*** Material provided ***
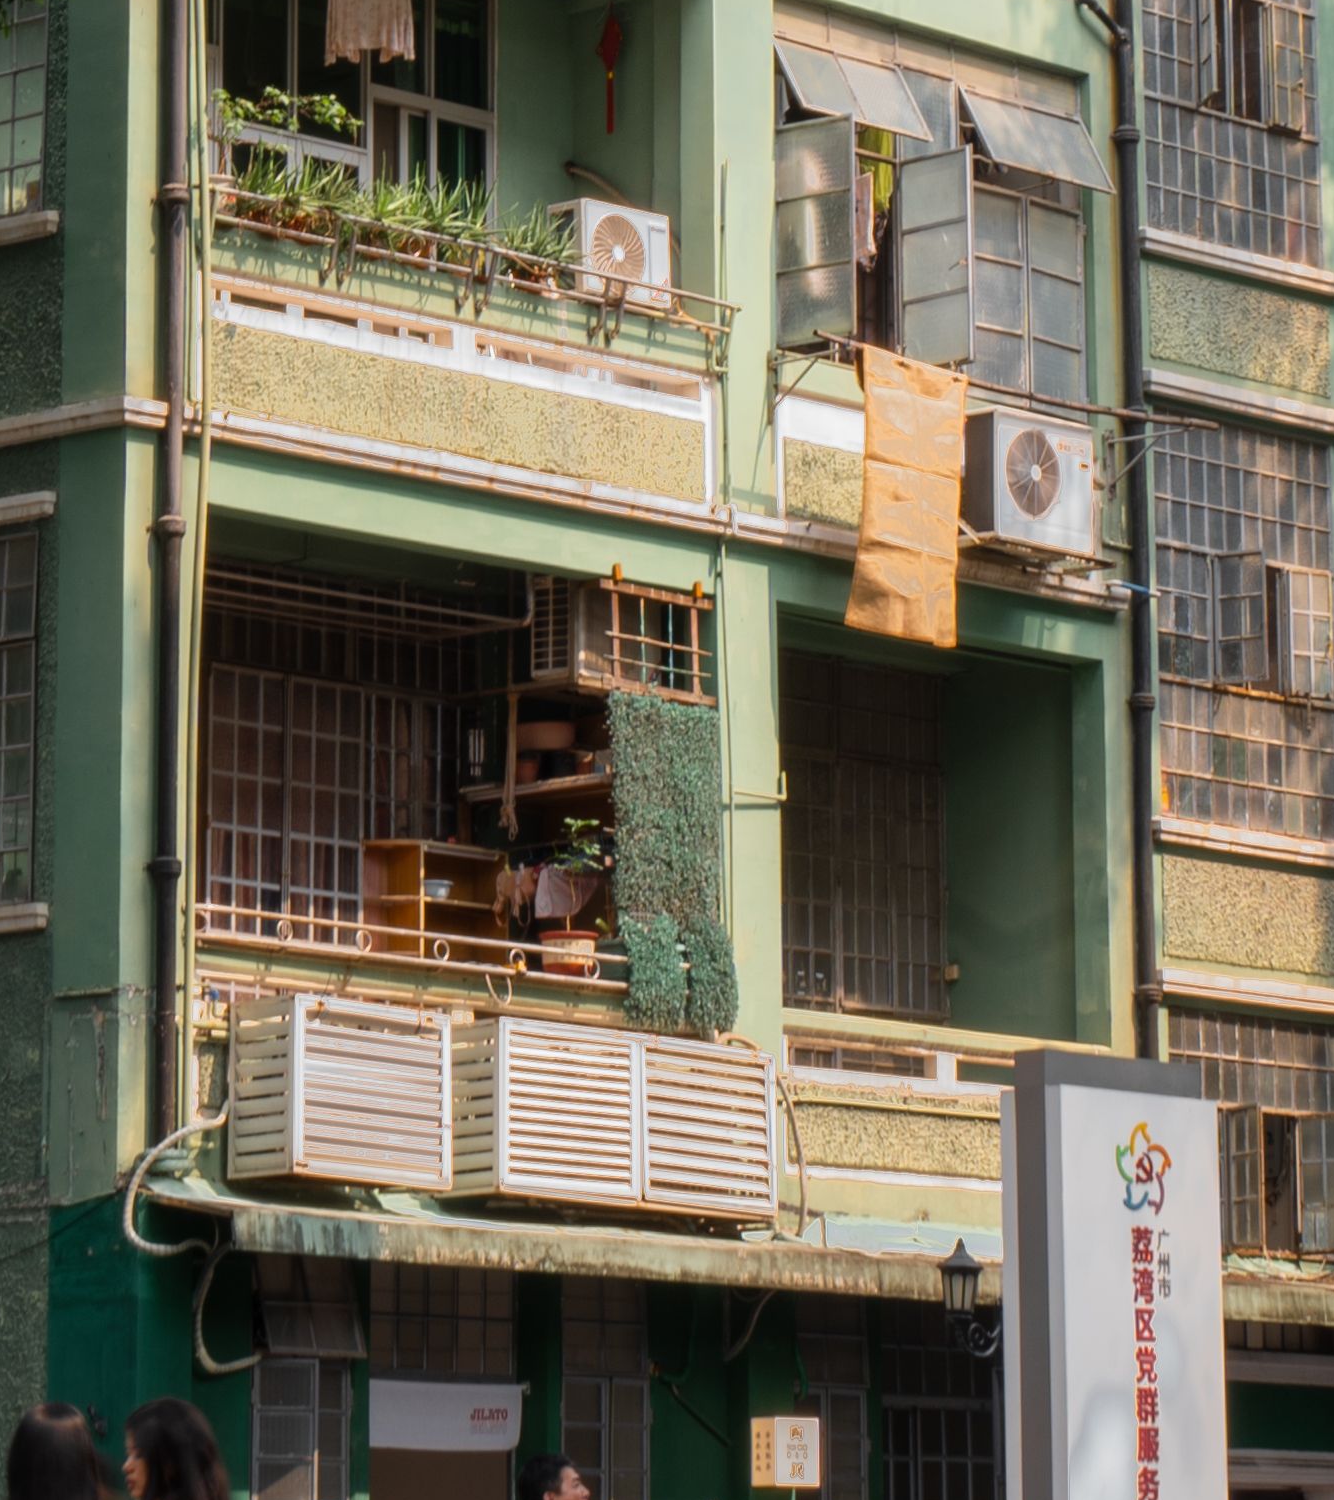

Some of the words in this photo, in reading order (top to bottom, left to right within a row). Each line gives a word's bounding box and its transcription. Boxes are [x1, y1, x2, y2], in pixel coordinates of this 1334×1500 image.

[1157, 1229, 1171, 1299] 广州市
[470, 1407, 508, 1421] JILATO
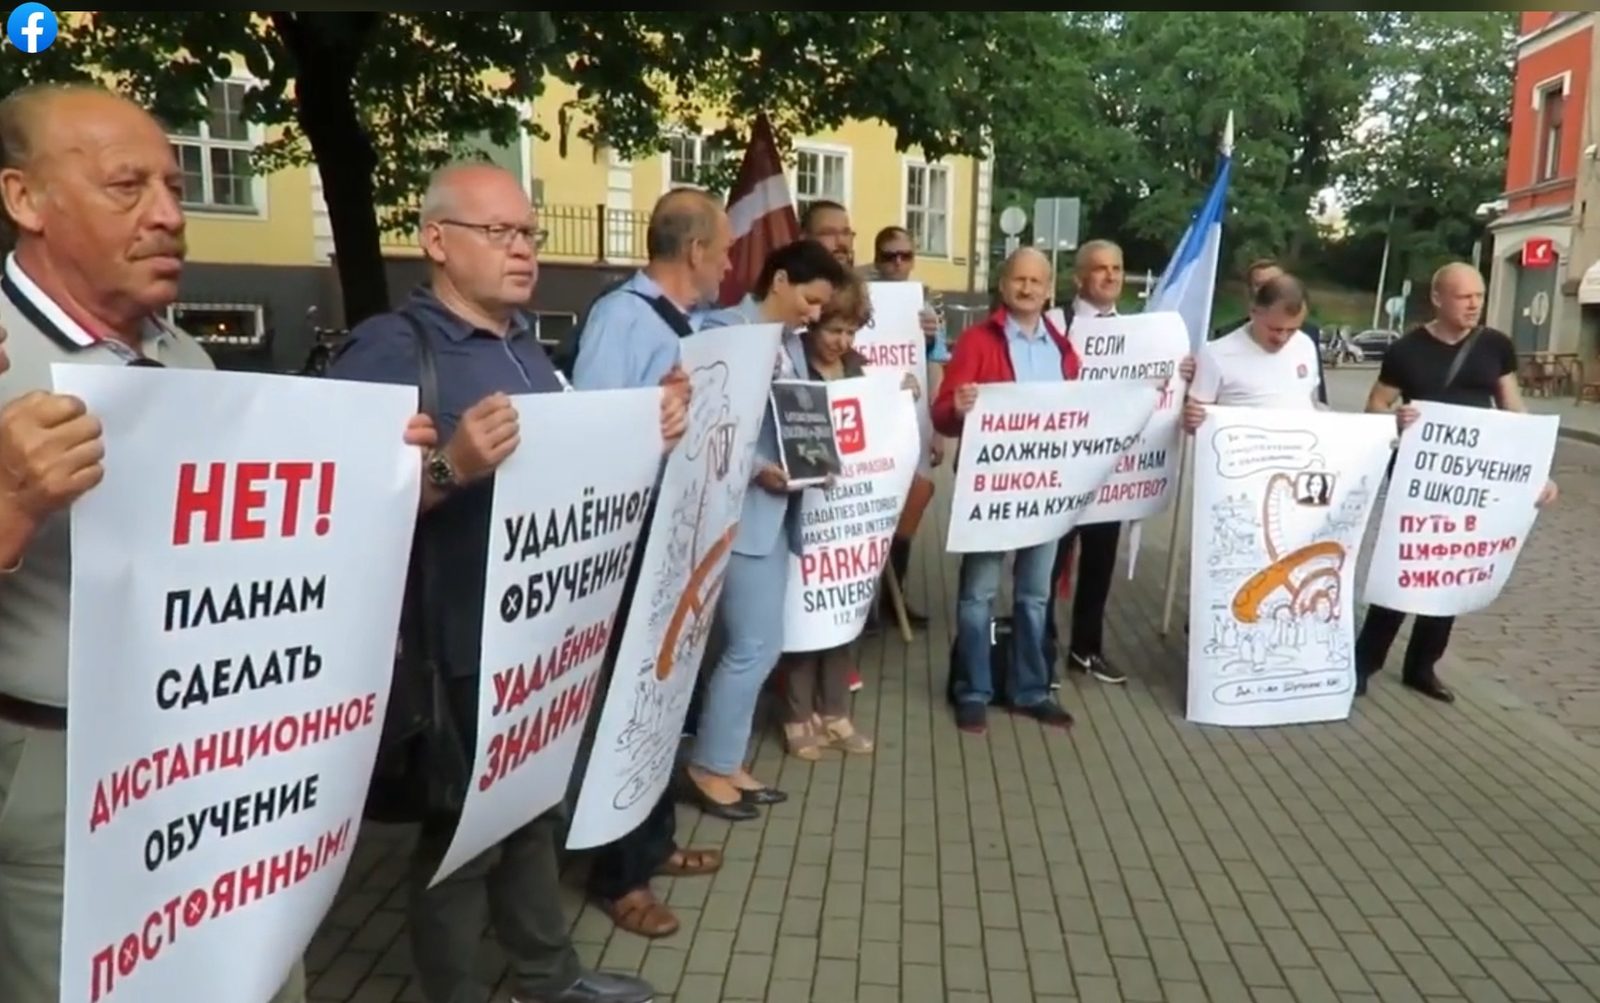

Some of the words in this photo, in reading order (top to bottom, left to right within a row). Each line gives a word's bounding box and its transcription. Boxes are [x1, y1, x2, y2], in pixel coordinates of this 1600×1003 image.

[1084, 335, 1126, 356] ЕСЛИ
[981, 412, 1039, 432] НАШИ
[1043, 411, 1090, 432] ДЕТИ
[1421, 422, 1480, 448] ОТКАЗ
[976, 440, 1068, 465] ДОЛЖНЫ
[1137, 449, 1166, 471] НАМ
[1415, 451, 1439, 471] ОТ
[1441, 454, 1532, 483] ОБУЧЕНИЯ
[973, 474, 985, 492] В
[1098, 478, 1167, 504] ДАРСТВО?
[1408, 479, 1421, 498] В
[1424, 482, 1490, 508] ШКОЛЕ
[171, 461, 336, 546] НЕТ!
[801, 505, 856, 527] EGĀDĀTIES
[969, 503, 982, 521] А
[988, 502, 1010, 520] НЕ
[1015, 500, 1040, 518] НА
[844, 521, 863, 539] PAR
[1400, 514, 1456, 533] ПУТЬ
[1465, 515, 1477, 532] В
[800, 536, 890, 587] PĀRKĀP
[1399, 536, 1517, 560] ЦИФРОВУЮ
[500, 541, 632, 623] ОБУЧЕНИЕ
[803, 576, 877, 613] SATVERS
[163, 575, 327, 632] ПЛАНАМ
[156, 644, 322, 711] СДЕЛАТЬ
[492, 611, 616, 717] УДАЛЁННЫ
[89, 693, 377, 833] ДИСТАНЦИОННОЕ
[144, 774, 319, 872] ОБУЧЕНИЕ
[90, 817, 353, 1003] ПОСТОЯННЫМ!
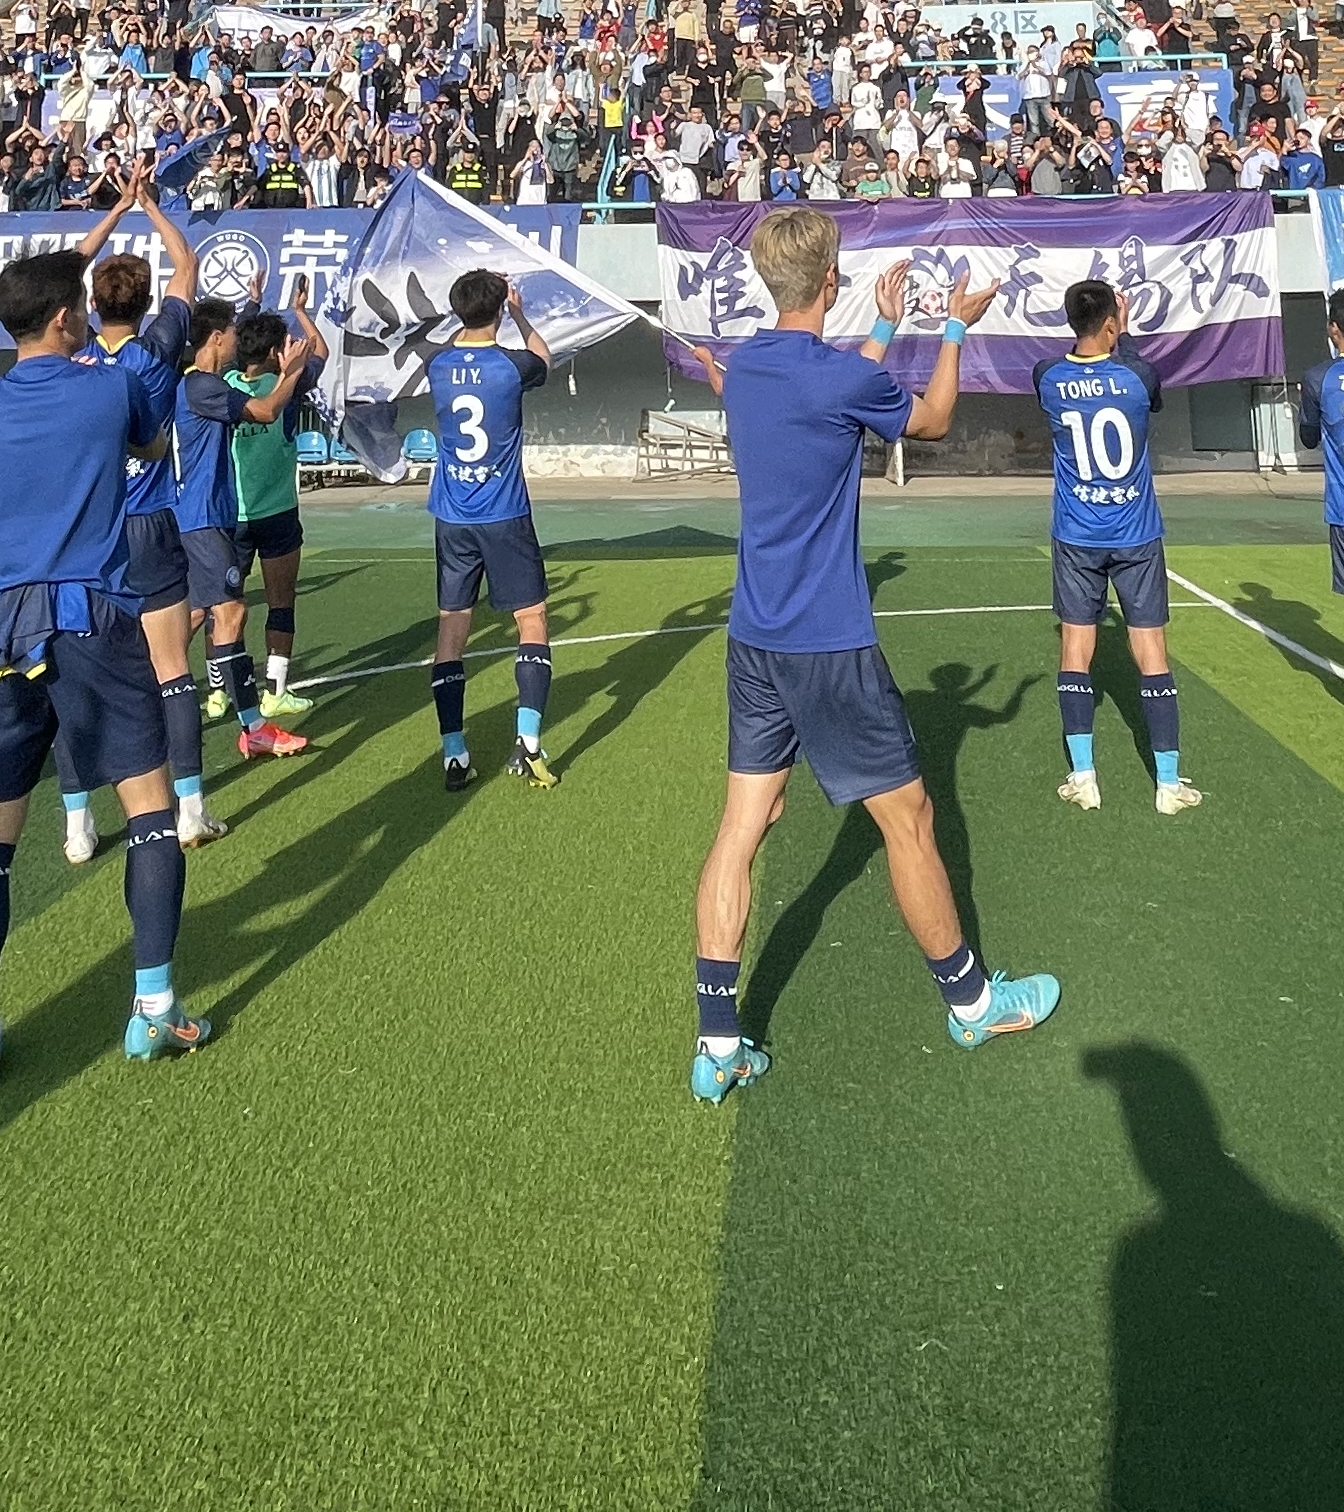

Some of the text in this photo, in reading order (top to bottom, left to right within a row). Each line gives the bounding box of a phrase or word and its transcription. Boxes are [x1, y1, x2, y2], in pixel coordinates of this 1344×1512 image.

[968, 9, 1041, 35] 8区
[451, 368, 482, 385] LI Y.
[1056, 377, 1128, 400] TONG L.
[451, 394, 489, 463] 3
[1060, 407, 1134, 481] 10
*** End of Material provided ***
The response should reproduce all the material above exactly and leave out its pictures.

Solution to this task:
Some of the words in this photo, in reading order (top to bottom, left to right within a row). Each line gives a word's bounding box and its transcription. Boxes are [x1, y1, x2, y2], in pixel coordinates of this 1334×1500 image.

[1157, 1229, 1171, 1299] 广州市
[470, 1407, 508, 1421] JILATO

Some of the words in this photo, in reading order (top to bottom, left to right within a row). Each line gives a word's bounding box and its transcription. Boxes are [x1, y1, x2, y2], in pixel coordinates of this 1600×1003 image.

[1084, 335, 1126, 356] ЕСЛИ
[981, 412, 1039, 432] НАШИ
[1043, 411, 1090, 432] ДЕТИ
[1421, 422, 1480, 448] ОТКАЗ
[976, 440, 1068, 465] ДОЛЖНЫ
[1137, 449, 1166, 471] НАМ
[1415, 451, 1439, 471] ОТ
[1441, 454, 1532, 483] ОБУЧЕНИЯ
[973, 474, 985, 492] В
[1098, 478, 1167, 504] ДАРСТВО?
[1408, 479, 1421, 498] В
[1424, 482, 1490, 508] ШКОЛЕ
[171, 461, 336, 546] НЕТ!
[801, 505, 856, 527] EGĀDĀTIES
[969, 503, 982, 521] А
[988, 502, 1010, 520] НЕ
[1015, 500, 1040, 518] НА
[844, 521, 863, 539] PAR
[1400, 514, 1456, 533] ПУТЬ
[1465, 515, 1477, 532] В
[800, 536, 890, 587] PĀRKĀP
[1399, 536, 1517, 560] ЦИФРОВУЮ
[500, 541, 632, 623] ОБУЧЕНИЕ
[803, 576, 877, 613] SATVERS
[163, 575, 327, 632] ПЛАНАМ
[156, 644, 322, 711] СДЕЛАТЬ
[492, 611, 616, 717] УДАЛЁННЫ
[89, 693, 377, 833] ДИСТАНЦИОННОЕ
[144, 774, 319, 872] ОБУЧЕНИЕ
[90, 817, 353, 1003] ПОСТОЯННЫМ!

Some of the text in this photo, in reading order (top to bottom, left to right within a row). Each line gives the bounding box of a phrase or word and its transcription. Boxes are [x1, y1, x2, y2], in pixel coordinates of this 1344×1512 image.

[968, 9, 1041, 35] 8区
[451, 368, 482, 385] LI Y.
[1056, 377, 1128, 400] TONG L.
[451, 394, 489, 463] 3
[1060, 407, 1134, 481] 10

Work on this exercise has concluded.